Infantino fait face à un défi formel sans précédent avant le coup d'envoi de 2026

Une vaste campagne de griefs ciblant la direction de la FIFA a émergé à quelques jours de la World Cup, citant le coût des billets et des préoccupations de gouvernance.

La gouvernance sous le feu des critiques à l'approche du tournoi nord-américain

À seulement sept jours du coup d'envoi de la World Cup 2026 au Canada, au Mexico et aux United States, un vaste mouvement de défense s'est manifesté pour contester l'administration actuelle du football mondial. Sous la bannière « Reboot FIFA », les organisateurs orchestrent ce qu'ils décrivent comme le grief formel le plus important jamais déposé contre l'instance dirigeante.

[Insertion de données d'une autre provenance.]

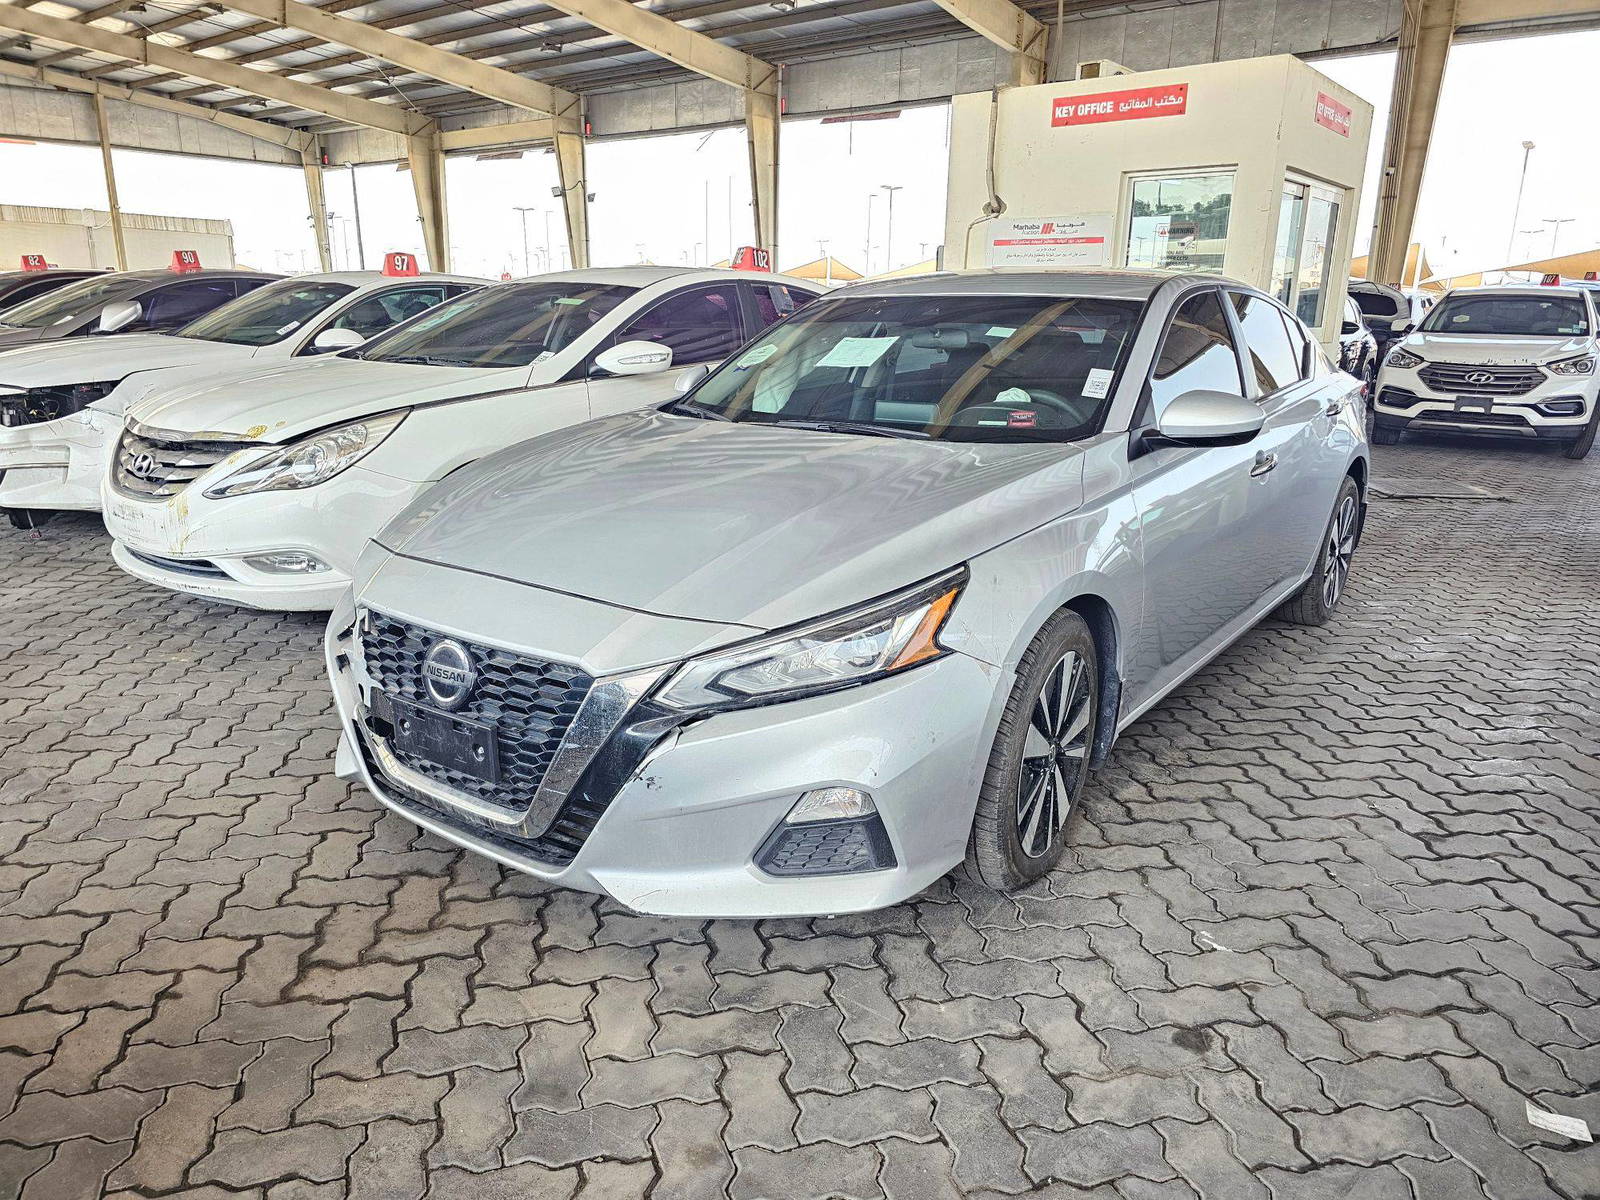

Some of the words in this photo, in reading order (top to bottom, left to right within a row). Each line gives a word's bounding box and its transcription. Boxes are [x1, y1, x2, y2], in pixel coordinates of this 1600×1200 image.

[1119, 97, 1152, 112] المفاتيح
[1155, 95, 1183, 108] مكتب
[1055, 105, 1074, 118] KEY
[1077, 101, 1114, 116] OFFICE
[1013, 223, 1040, 231] Marhaba
[28, 255, 41, 266] 82
[182, 251, 194, 264] 90
[394, 255, 408, 271] 97
[754, 249, 769, 268] 102
[427, 664, 466, 683] NISSAN

Cette initiative cible spécifiquement Gianni Infantino, réclamant une enquête approfondie sur sa direction par le comité d'éthique de l'organisation.

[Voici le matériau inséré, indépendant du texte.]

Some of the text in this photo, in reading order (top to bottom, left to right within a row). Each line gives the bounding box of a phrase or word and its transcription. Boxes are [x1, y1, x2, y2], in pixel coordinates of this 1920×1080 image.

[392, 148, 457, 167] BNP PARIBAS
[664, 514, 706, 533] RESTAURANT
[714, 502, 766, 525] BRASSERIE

Tensions croissantes autour de la logistique du tournoi

Le moment choisi pour cette protestation coïncide avec des frustrations croissantes concernant l'exécution du tournoi de 2026. Les supporters se rendant en North America ont exprimé une détresse importante face à la charge financière pour assister aux matchs, avec des prix de billets atteignant des niveaux qui, selon beaucoup, excluent la base de fans traditionnelle. Au-delà des barrières financières, les préoccupations logistiques concernant la sécurité des spectateurs ont alimenté l'élan de la campagne.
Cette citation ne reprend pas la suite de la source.